## Task statement
Leave every picture behind and copy the rest of the entries below exactly.

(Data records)

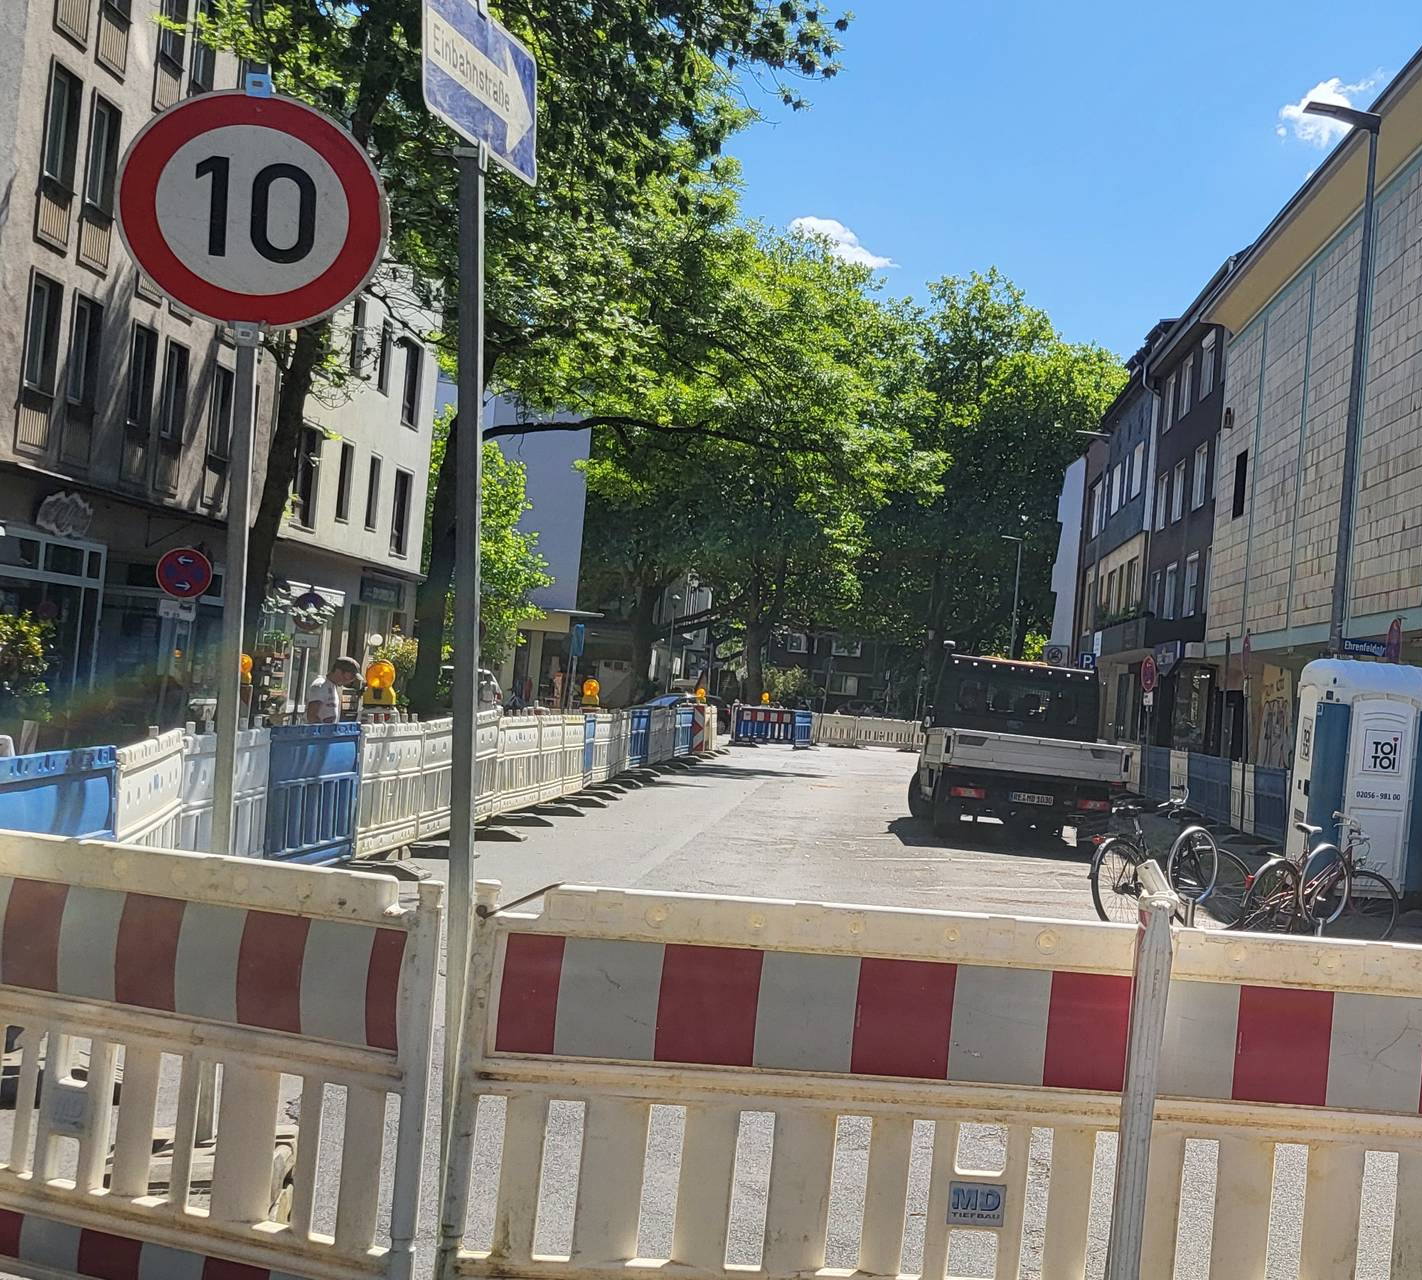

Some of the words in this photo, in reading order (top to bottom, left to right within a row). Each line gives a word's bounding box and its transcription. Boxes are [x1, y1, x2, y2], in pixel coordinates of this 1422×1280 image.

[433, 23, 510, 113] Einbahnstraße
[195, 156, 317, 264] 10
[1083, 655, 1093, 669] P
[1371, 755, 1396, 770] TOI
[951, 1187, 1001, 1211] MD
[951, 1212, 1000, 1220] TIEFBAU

## Your response
Some of the words in this photo, in reading order (top to bottom, left to right within a row). Each line gives a word's bounding box and its transcription. Boxes are [x1, y1, x2, y2], in pixel coordinates of this 1422×1280 image.

[433, 23, 510, 113] Einbahnstraße
[195, 156, 317, 264] 10
[1083, 655, 1093, 669] P
[1371, 755, 1396, 770] TOI
[951, 1187, 1001, 1211] MD
[951, 1212, 1000, 1220] TIEFBAU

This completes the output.